- Task to complete
Restate the entries below in full, exactly as they read, but without pictures.

(Annotated photo localization data)
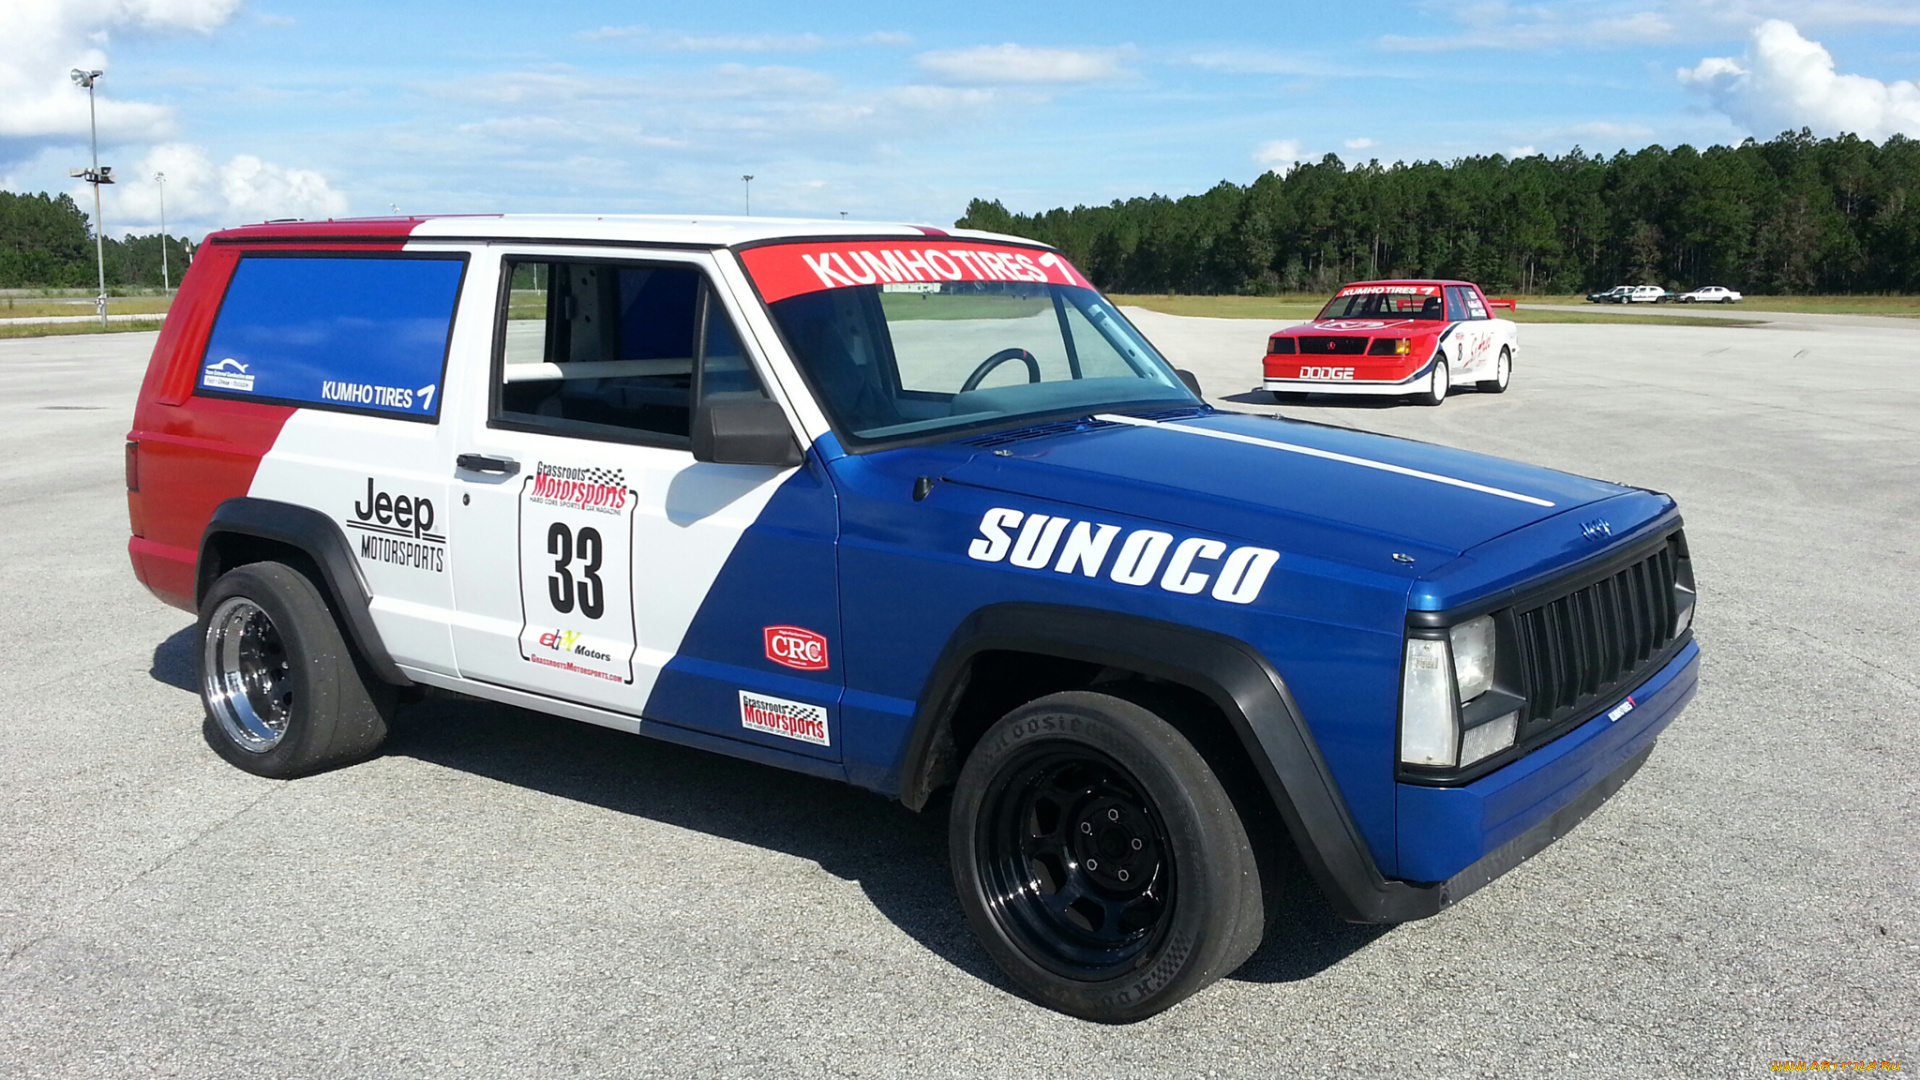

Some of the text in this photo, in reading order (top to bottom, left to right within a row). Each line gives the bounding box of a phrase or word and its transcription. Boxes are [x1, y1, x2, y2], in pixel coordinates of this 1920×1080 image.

[802, 249, 1048, 288] KUMHO TIRES
[1342, 286, 1417, 296] KUMHO TIRES
[1457, 343, 1463, 361] 8
[1299, 366, 1355, 380] DODGE
[322, 380, 413, 408] KUMHO TIRES
[537, 461, 586, 482] Grassroots
[531, 473, 626, 510] Motorsports
[355, 477, 434, 539] Jeep
[545, 498, 558, 506] CORE
[560, 501, 580, 510] SPORTS
[586, 504, 595, 512] CAR
[596, 506, 621, 516] MAGAZINE
[361, 534, 444, 573] MOTORSPORTS
[967, 507, 1281, 605] SUNOCO
[547, 522, 604, 620] 33
[574, 645, 611, 662] Motors
[771, 635, 822, 662] CRC
[743, 695, 787, 714] Grassroots
[744, 705, 824, 739] Motorsports

- Solution to the exercise
Some of the text in this photo, in reading order (top to bottom, left to right within a row). Each line gives the bounding box of a phrase or word and its transcription. Boxes are [x1, y1, x2, y2], in pixel coordinates of this 1920×1080 image.

[802, 249, 1048, 288] KUMHO TIRES
[1342, 286, 1417, 296] KUMHO TIRES
[1457, 343, 1463, 361] 8
[1299, 366, 1355, 380] DODGE
[322, 380, 413, 408] KUMHO TIRES
[537, 461, 586, 482] Grassroots
[531, 473, 626, 510] Motorsports
[355, 477, 434, 539] Jeep
[545, 498, 558, 506] CORE
[560, 501, 580, 510] SPORTS
[586, 504, 595, 512] CAR
[596, 506, 621, 516] MAGAZINE
[361, 534, 444, 573] MOTORSPORTS
[967, 507, 1281, 605] SUNOCO
[547, 522, 604, 620] 33
[574, 645, 611, 662] Motors
[771, 635, 822, 662] CRC
[743, 695, 787, 714] Grassroots
[744, 705, 824, 739] Motorsports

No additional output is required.